TASK OBJECTIVE
Reproduce only this stretch of the listing below: from the line with "this 1288×966 image." through the line with "this 2048×1152 image.", exactly as written, with pictures excluded.

[Opening STORED DATA section]

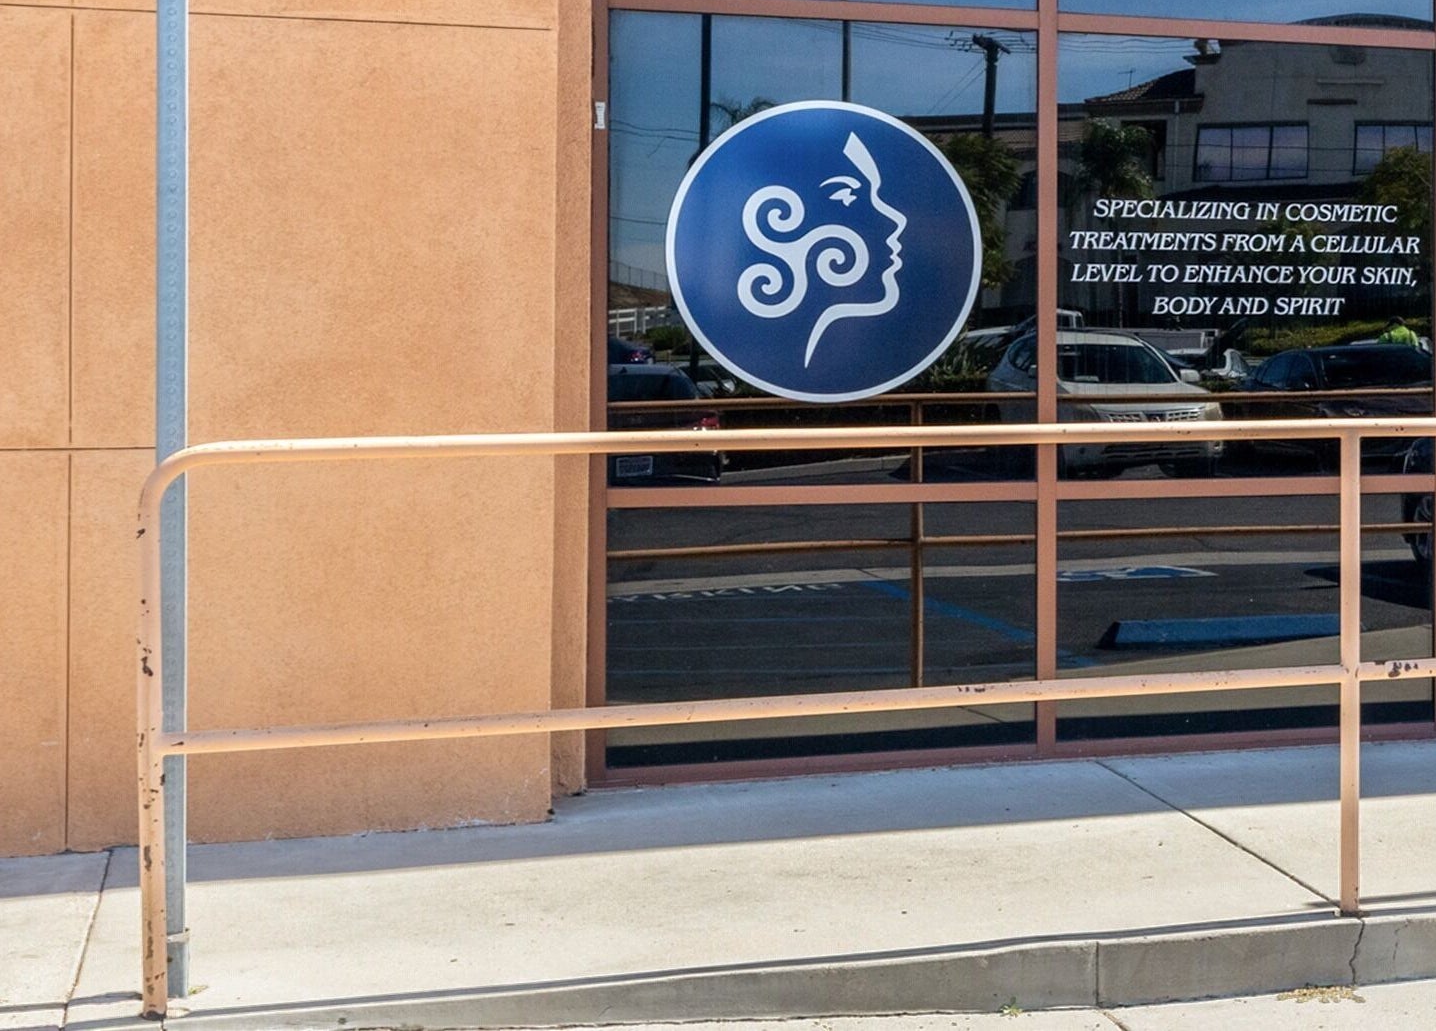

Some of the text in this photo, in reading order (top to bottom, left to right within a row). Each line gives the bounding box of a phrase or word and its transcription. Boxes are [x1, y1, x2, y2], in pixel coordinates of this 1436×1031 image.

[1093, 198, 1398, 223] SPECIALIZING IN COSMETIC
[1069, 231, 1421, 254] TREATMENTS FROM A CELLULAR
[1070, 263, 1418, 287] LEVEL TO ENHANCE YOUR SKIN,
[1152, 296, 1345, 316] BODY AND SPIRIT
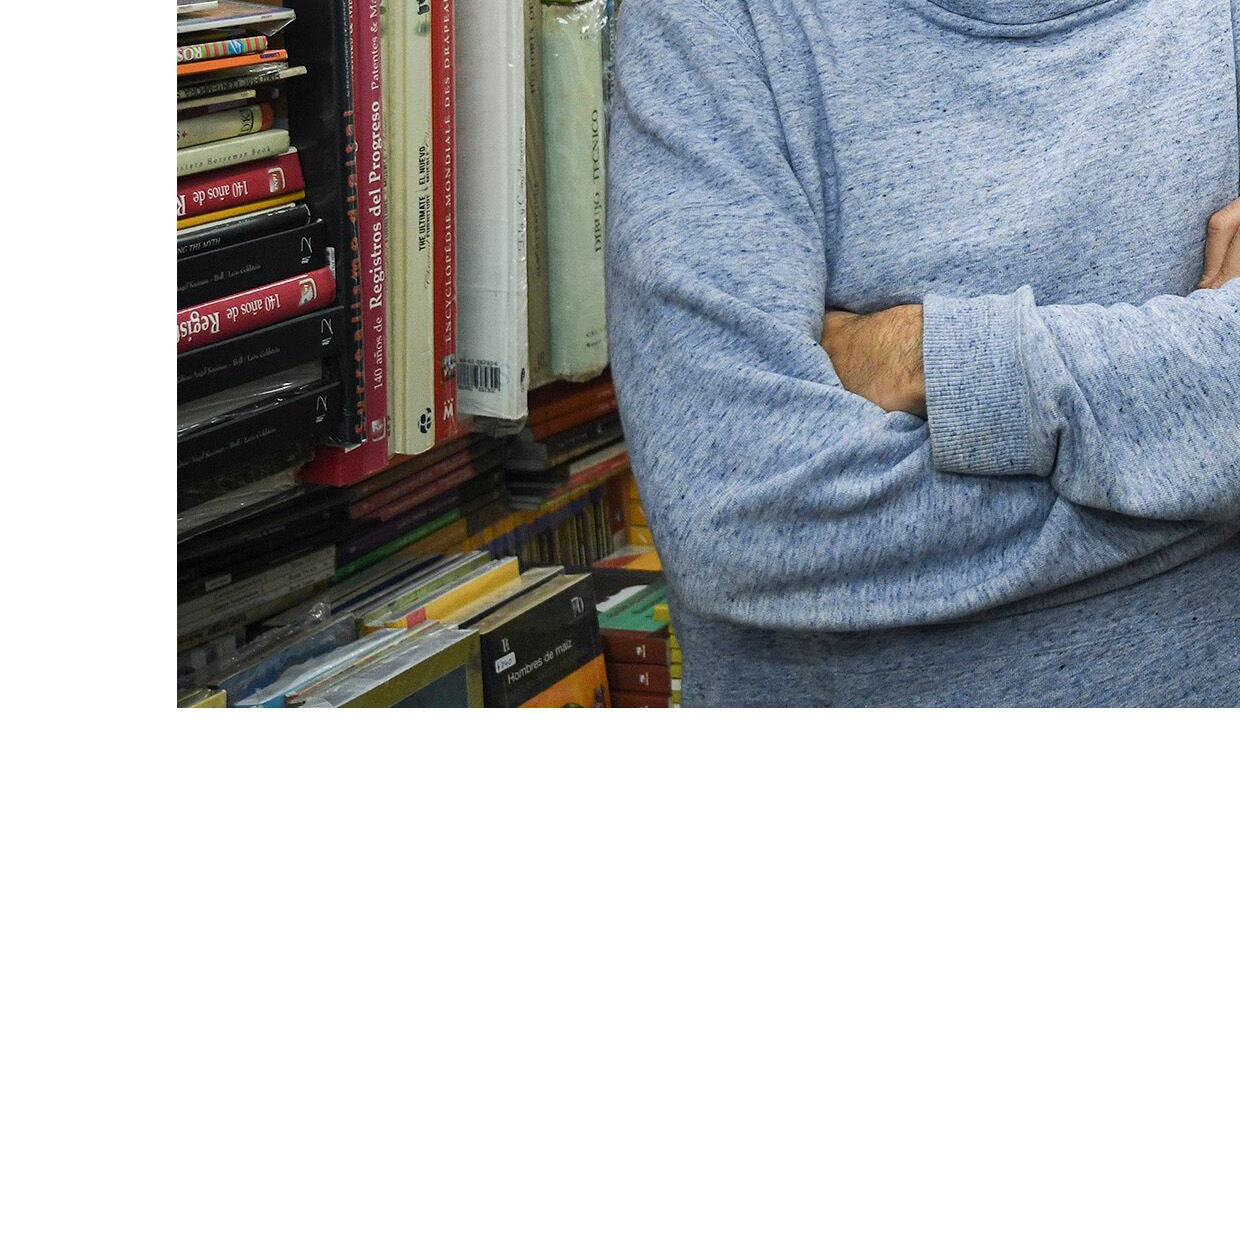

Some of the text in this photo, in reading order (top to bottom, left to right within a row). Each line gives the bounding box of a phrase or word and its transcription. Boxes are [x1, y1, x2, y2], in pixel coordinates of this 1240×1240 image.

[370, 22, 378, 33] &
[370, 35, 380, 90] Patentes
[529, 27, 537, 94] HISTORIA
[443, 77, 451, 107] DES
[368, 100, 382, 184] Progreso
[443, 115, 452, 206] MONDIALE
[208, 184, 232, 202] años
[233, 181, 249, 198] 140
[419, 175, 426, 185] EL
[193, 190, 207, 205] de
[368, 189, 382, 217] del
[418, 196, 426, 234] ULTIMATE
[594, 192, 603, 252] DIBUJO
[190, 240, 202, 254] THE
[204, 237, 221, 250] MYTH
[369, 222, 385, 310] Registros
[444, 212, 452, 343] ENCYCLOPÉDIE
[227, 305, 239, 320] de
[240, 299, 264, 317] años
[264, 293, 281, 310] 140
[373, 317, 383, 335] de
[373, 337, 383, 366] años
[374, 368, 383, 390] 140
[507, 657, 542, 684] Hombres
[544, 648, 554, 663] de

[Closing STORED DATA section]
[Opening STORED DATA section]

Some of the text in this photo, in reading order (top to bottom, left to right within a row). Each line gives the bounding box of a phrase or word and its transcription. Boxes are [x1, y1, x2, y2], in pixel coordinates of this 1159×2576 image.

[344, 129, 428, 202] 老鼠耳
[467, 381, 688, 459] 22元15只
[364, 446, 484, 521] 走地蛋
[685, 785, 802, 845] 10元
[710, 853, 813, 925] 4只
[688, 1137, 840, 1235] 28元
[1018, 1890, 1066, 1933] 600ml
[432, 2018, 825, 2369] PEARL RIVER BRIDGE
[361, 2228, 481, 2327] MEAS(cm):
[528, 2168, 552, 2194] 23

[Closing STORED DATA section]
[Opening STORED DATA section]

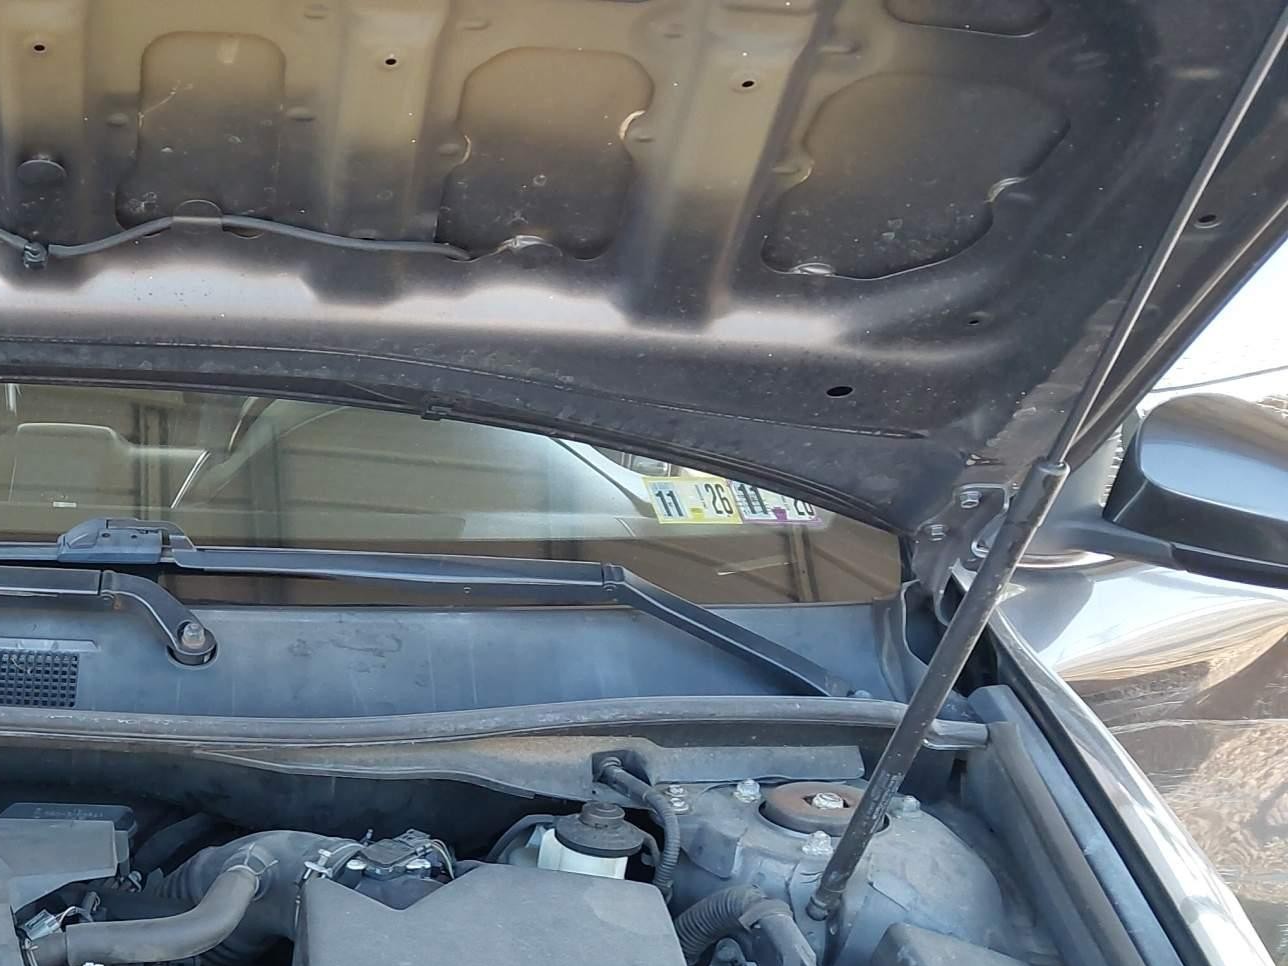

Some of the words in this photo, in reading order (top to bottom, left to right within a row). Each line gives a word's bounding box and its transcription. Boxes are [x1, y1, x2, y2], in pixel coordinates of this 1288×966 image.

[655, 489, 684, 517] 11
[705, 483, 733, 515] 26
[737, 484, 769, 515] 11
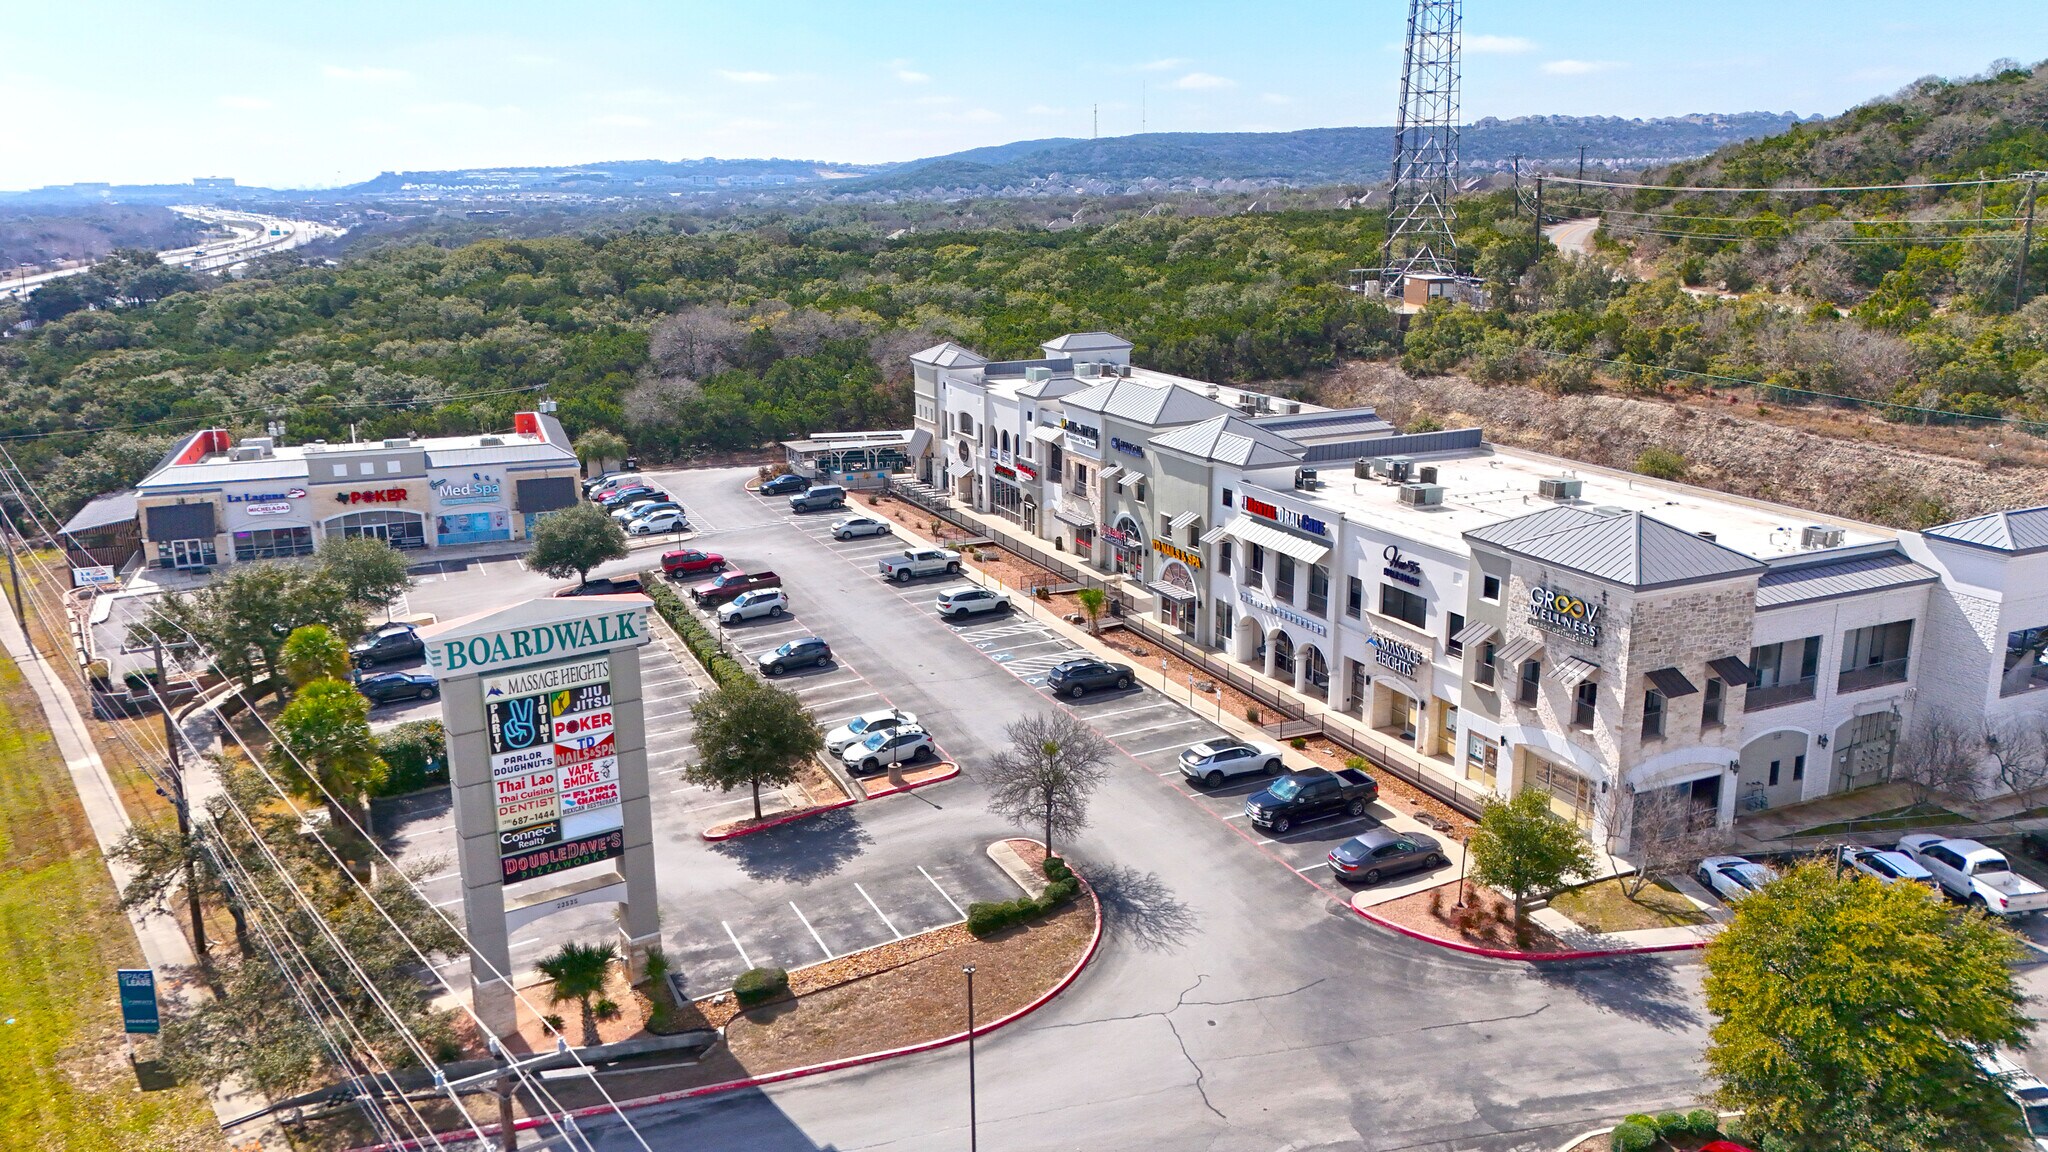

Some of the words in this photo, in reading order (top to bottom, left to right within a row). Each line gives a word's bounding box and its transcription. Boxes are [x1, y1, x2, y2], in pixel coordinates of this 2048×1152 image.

[Closing STORED DATA section]

RESULT OF THE EXERCISE
Some of the words in this photo, in reading order (top to bottom, left to right within a row). Each line gives a word's bounding box and its transcription. Boxes are [x1, y1, x2, y2], in pixel coordinates of this 1288×966 image.

[655, 489, 684, 517] 11
[705, 483, 733, 515] 26
[737, 484, 769, 515] 11

Some of the words in this photo, in reading order (top to bottom, left to right within a row). Each line gives a word's bounding box and its transcription. Boxes are [x1, y1, x2, y2], in pixel coordinates of this 2048×1152 image.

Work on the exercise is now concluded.